## Material supplied

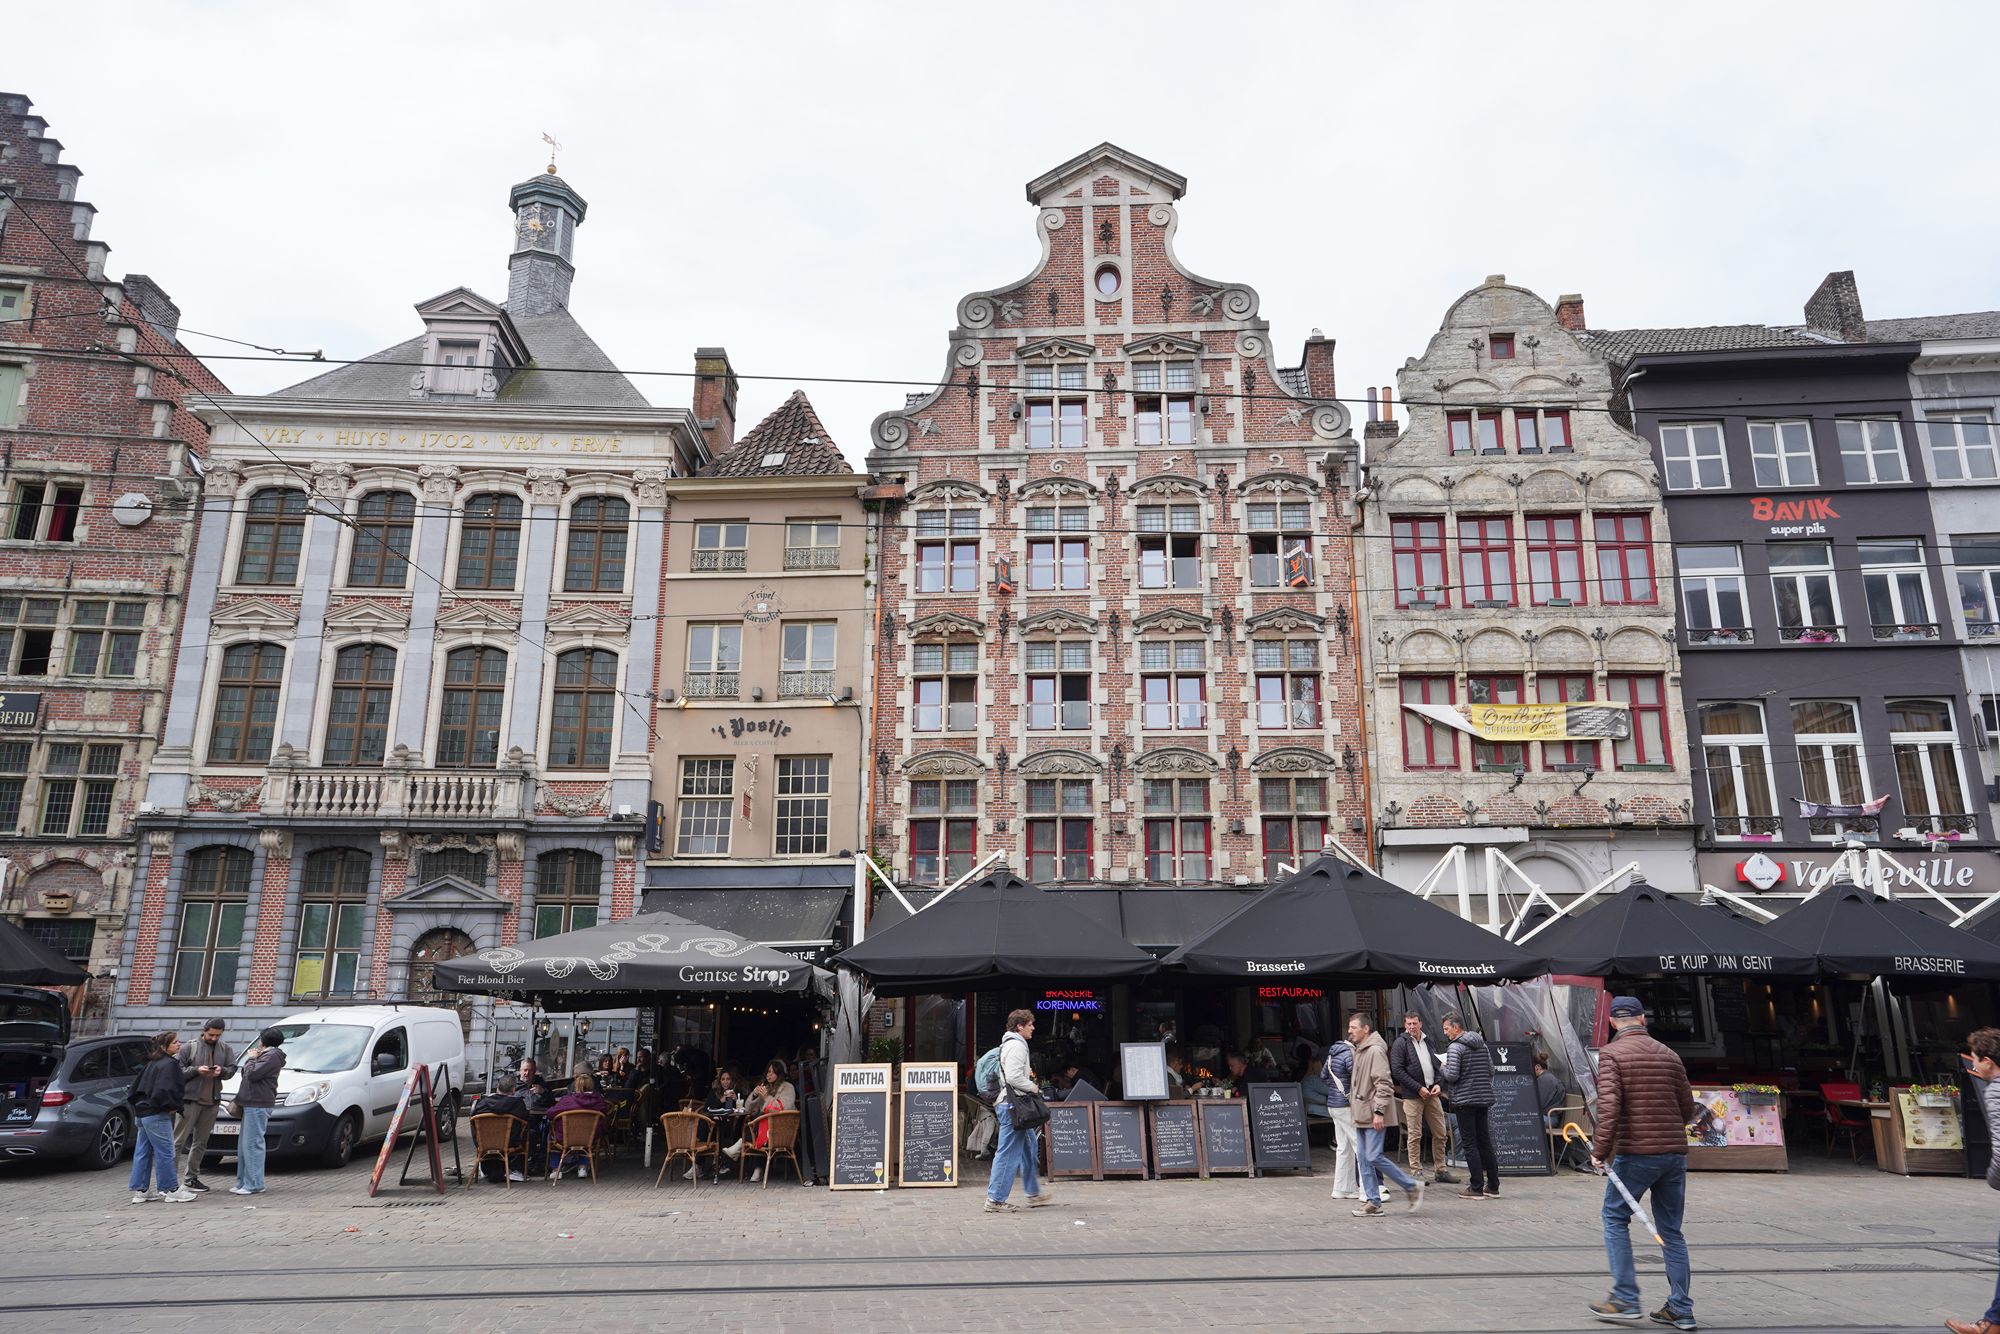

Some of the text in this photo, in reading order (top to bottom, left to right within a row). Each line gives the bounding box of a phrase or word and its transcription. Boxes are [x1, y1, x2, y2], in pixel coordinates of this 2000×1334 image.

[261, 428, 622, 452] VRY HUYS 1702 VRY ERVE
[1750, 497, 1840, 521] BAVIK
[1771, 522, 1826, 536] super pils
[748, 591, 775, 600] Tripel
[729, 717, 792, 738] Postje
[1791, 858, 1974, 887] Vadeville
[1247, 961, 1306, 973] Brasserie
[1418, 961, 1496, 975] Korenmarkt
[1659, 955, 1773, 970] DE KUIP VAN GENT
[1894, 957, 1965, 974] BRASSERIE
[458, 975, 525, 985] Fier Blond Bier
[679, 965, 790, 987] Gentse Strop
[841, 1072, 884, 1085] MARTHA
[907, 1071, 951, 1084] MARTHA
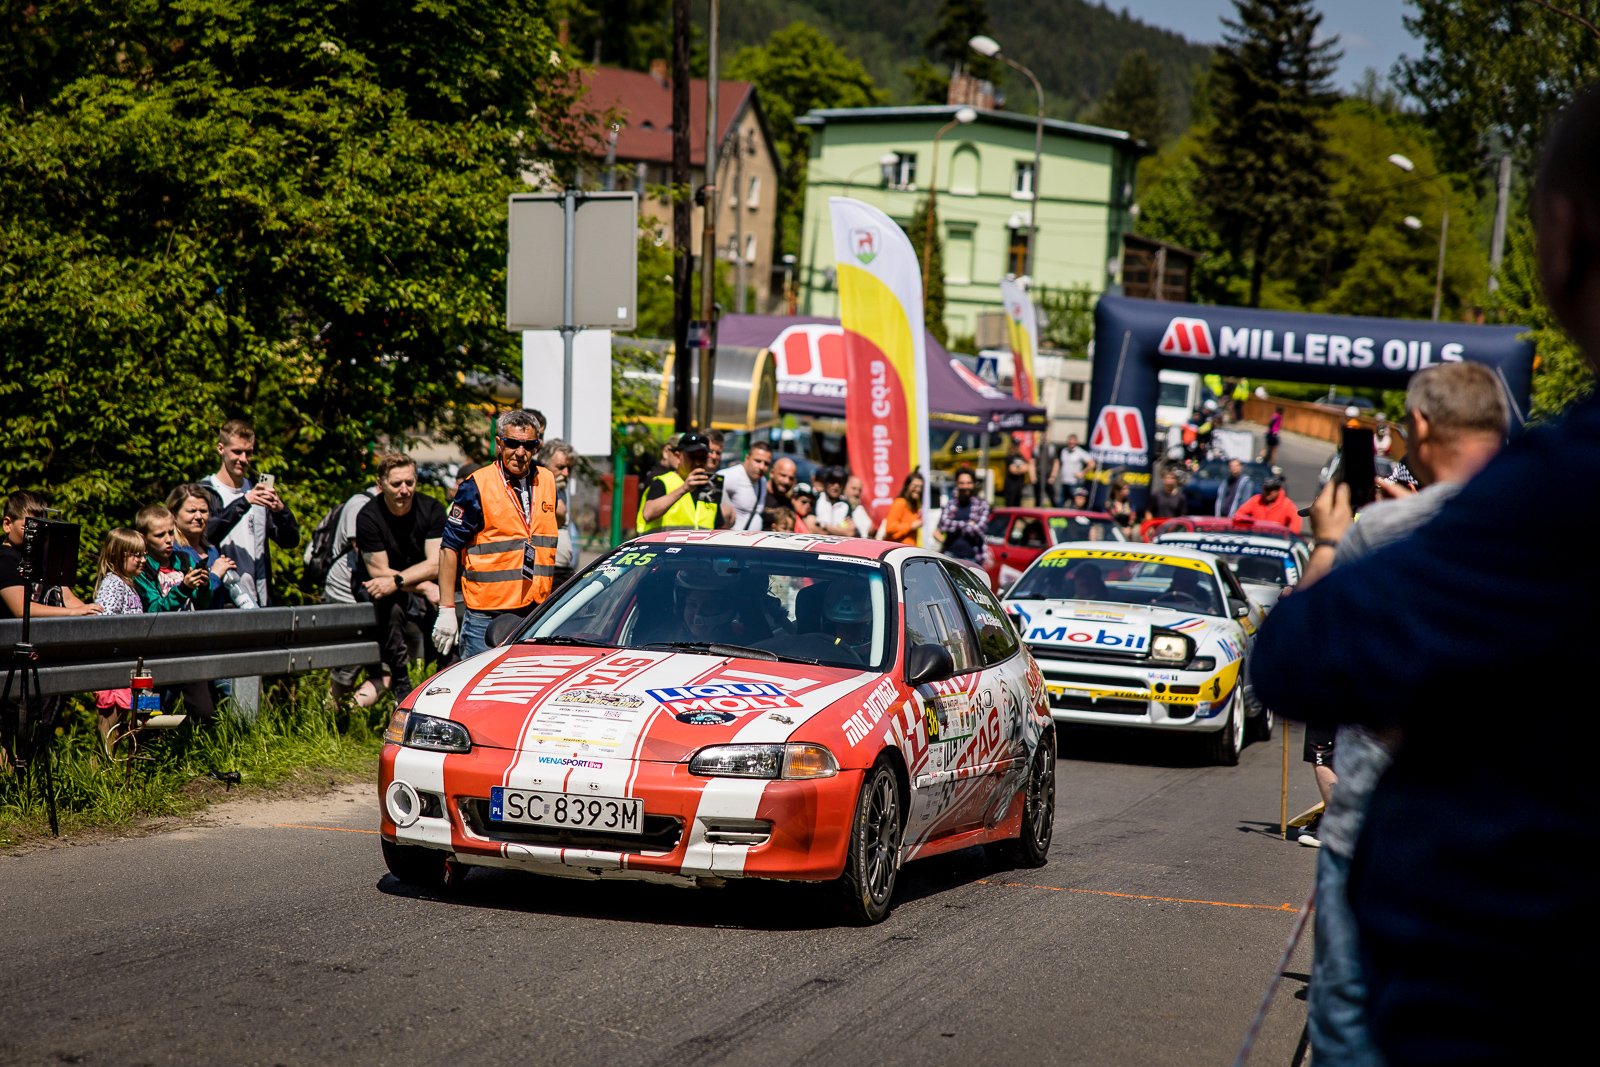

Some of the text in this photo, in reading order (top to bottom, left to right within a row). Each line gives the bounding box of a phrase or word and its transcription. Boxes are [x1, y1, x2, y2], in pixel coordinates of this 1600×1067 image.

[1220, 326, 1375, 367] MILLERS
[870, 360, 894, 507] Jelenia Góra
[615, 552, 658, 566] R5
[1200, 544, 1239, 554] RALLY
[1241, 546, 1290, 559] ACTION
[1029, 627, 1146, 649] Mobil
[561, 657, 655, 693] STA
[652, 683, 779, 700] LIQUI
[672, 696, 794, 712] MOLY
[926, 707, 938, 737] 38
[538, 756, 588, 768] WENASPORT
[954, 707, 999, 797] STAG
[492, 807, 502, 816] PL
[507, 792, 638, 830] SC 8393M
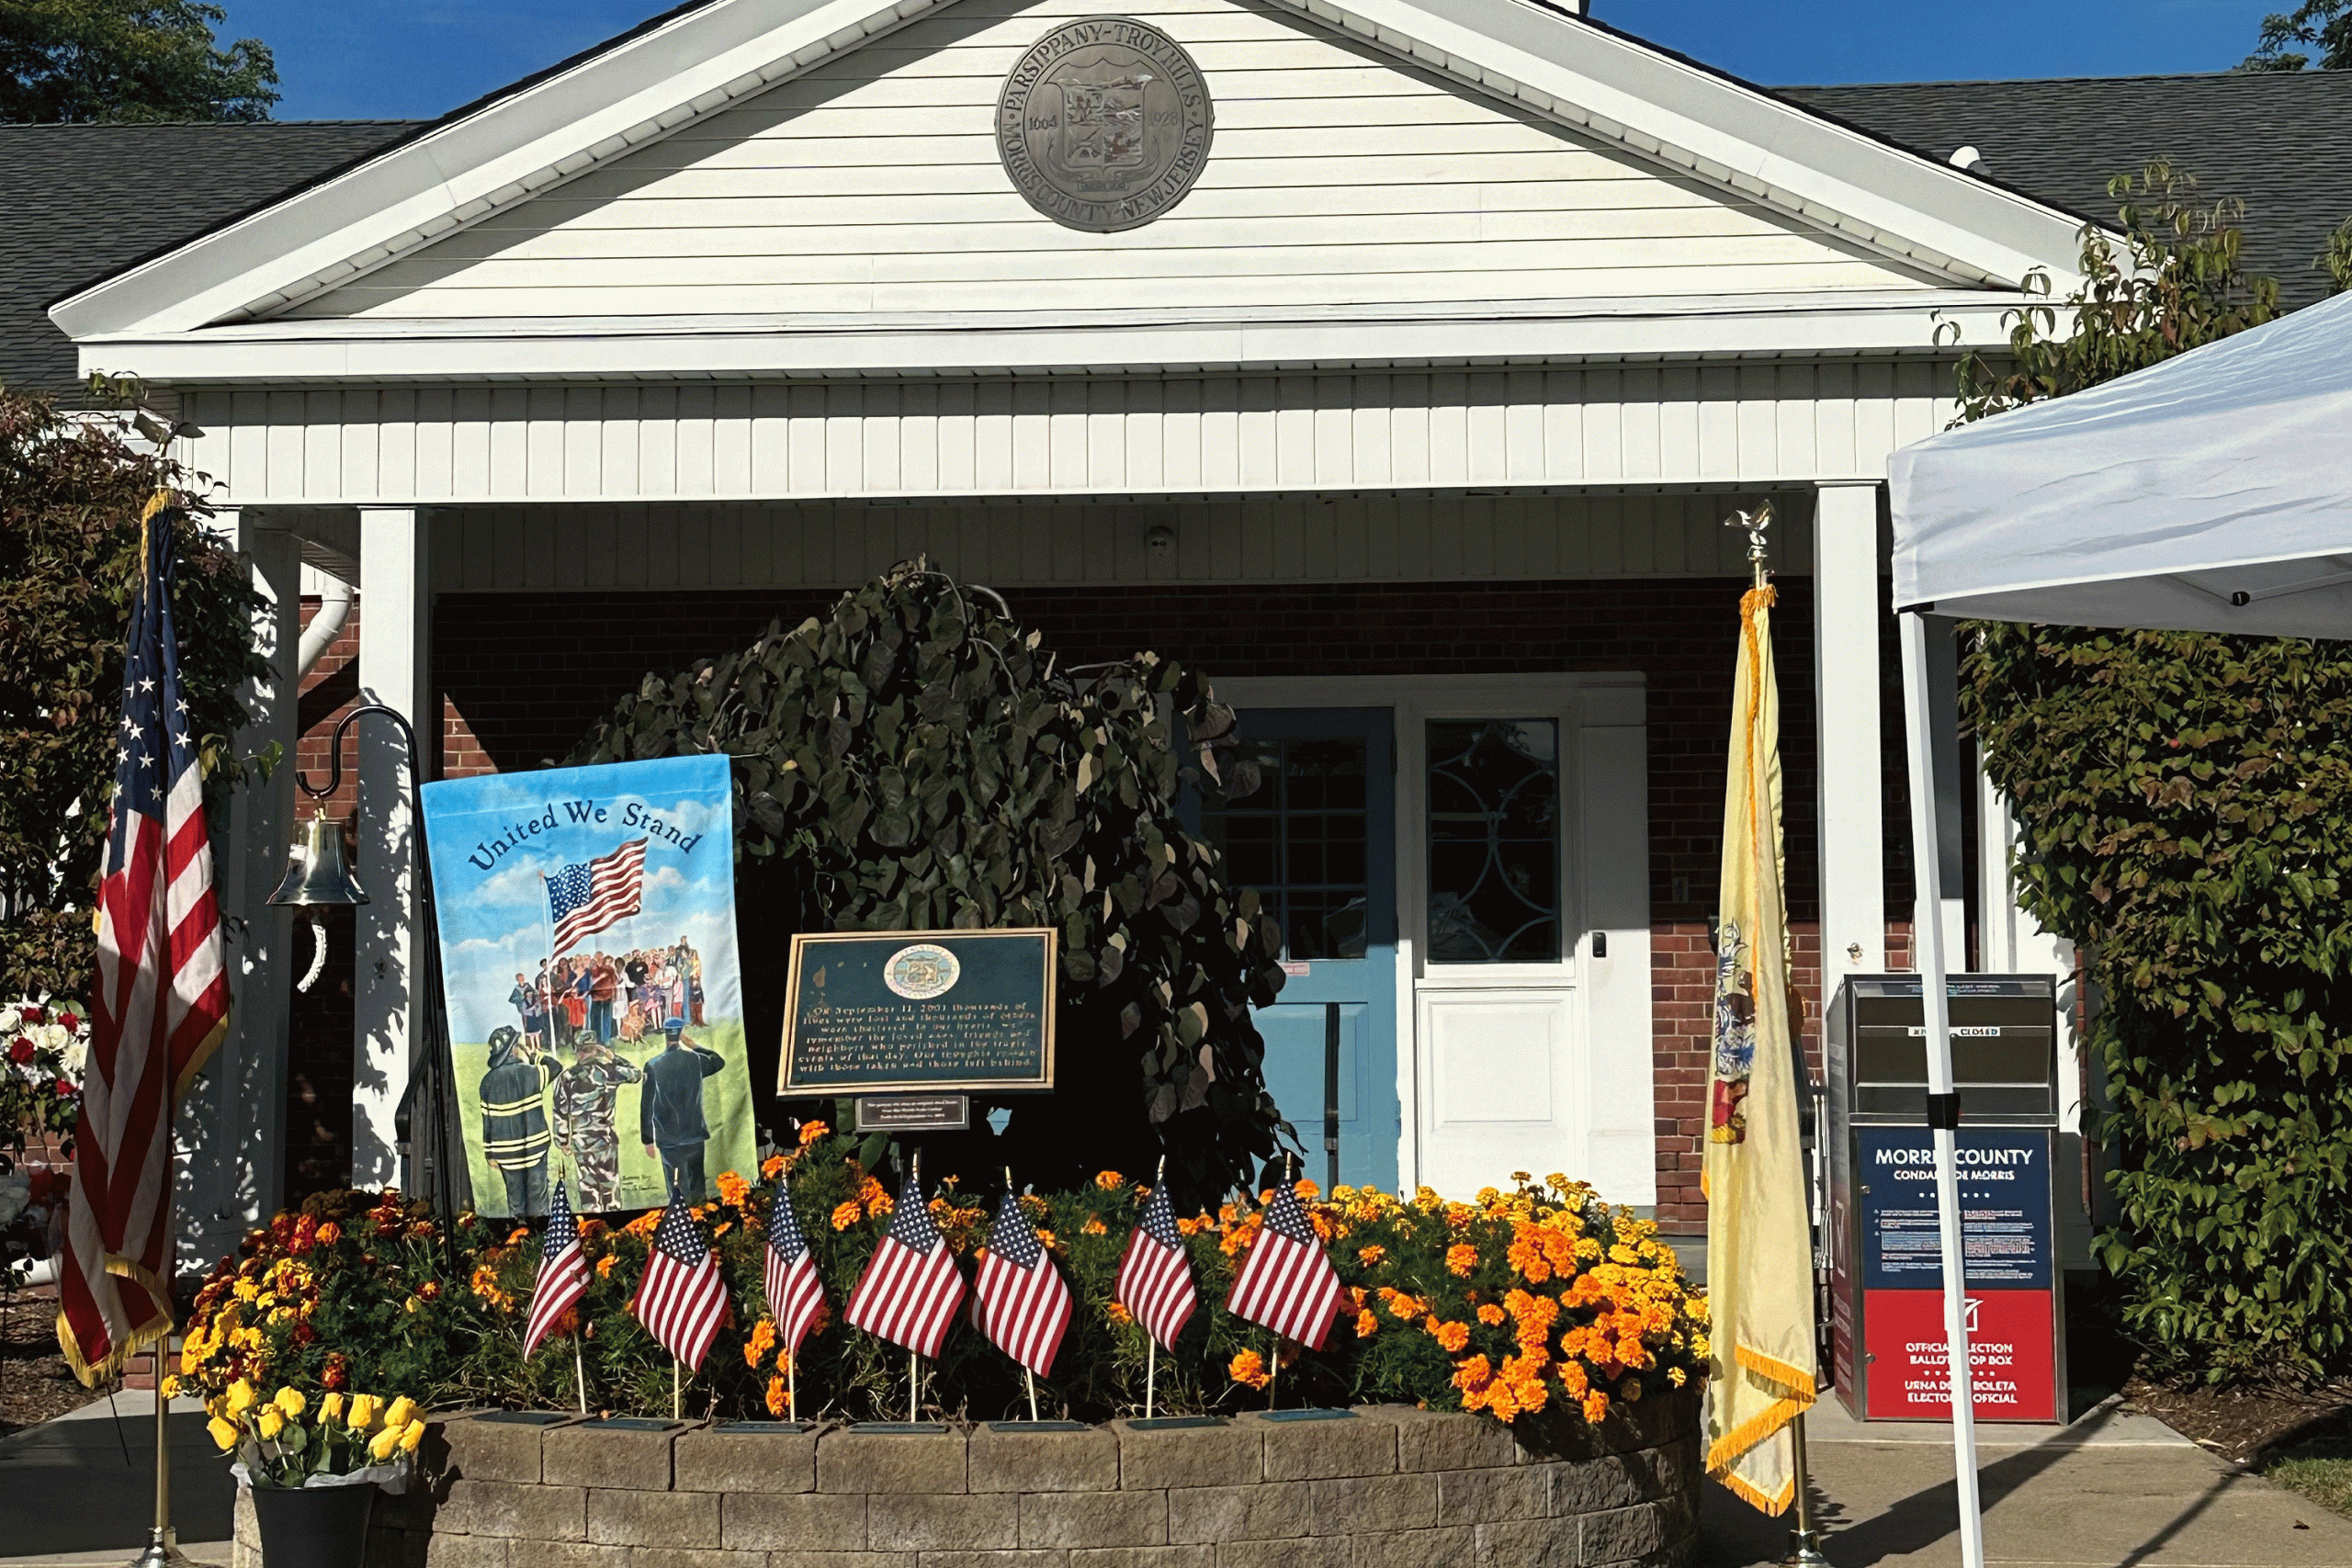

## Work request
Pictures stay out. Write out everything else in the material exactly.

## Solution for this exercise
Some of the text in this photo, in reading order (top to bottom, left to right within a row). Each line gives the bounding box of a phrase or word and its transcription. Boxes are [x1, y1, x2, y2], in pixel coordinates of this 2000×1334 image.

[261, 428, 622, 452] VRY HUYS 1702 VRY ERVE
[1750, 497, 1840, 521] BAVIK
[1771, 522, 1826, 536] super pils
[748, 591, 775, 600] Tripel
[729, 717, 792, 738] Postje
[1791, 858, 1974, 887] Vadeville
[1247, 961, 1306, 973] Brasserie
[1418, 961, 1496, 975] Korenmarkt
[1659, 955, 1773, 970] DE KUIP VAN GENT
[1894, 957, 1965, 974] BRASSERIE
[458, 975, 525, 985] Fier Blond Bier
[679, 965, 790, 987] Gentse Strop
[841, 1072, 884, 1085] MARTHA
[907, 1071, 951, 1084] MARTHA

Some of the text in this photo, in reading order (top to bottom, left to right within a row). Each line gives the bounding box of a phrase or word and its transcription. Boxes are [x1, y1, x2, y2], in pixel coordinates of this 1600×1067 image.

[1220, 326, 1375, 367] MILLERS
[870, 360, 894, 507] Jelenia Góra
[615, 552, 658, 566] R5
[1200, 544, 1239, 554] RALLY
[1241, 546, 1290, 559] ACTION
[1029, 627, 1146, 649] Mobil
[561, 657, 655, 693] STA
[652, 683, 779, 700] LIQUI
[672, 696, 794, 712] MOLY
[926, 707, 938, 737] 38
[538, 756, 588, 768] WENASPORT
[954, 707, 999, 797] STAG
[492, 807, 502, 816] PL
[507, 792, 638, 830] SC 8393M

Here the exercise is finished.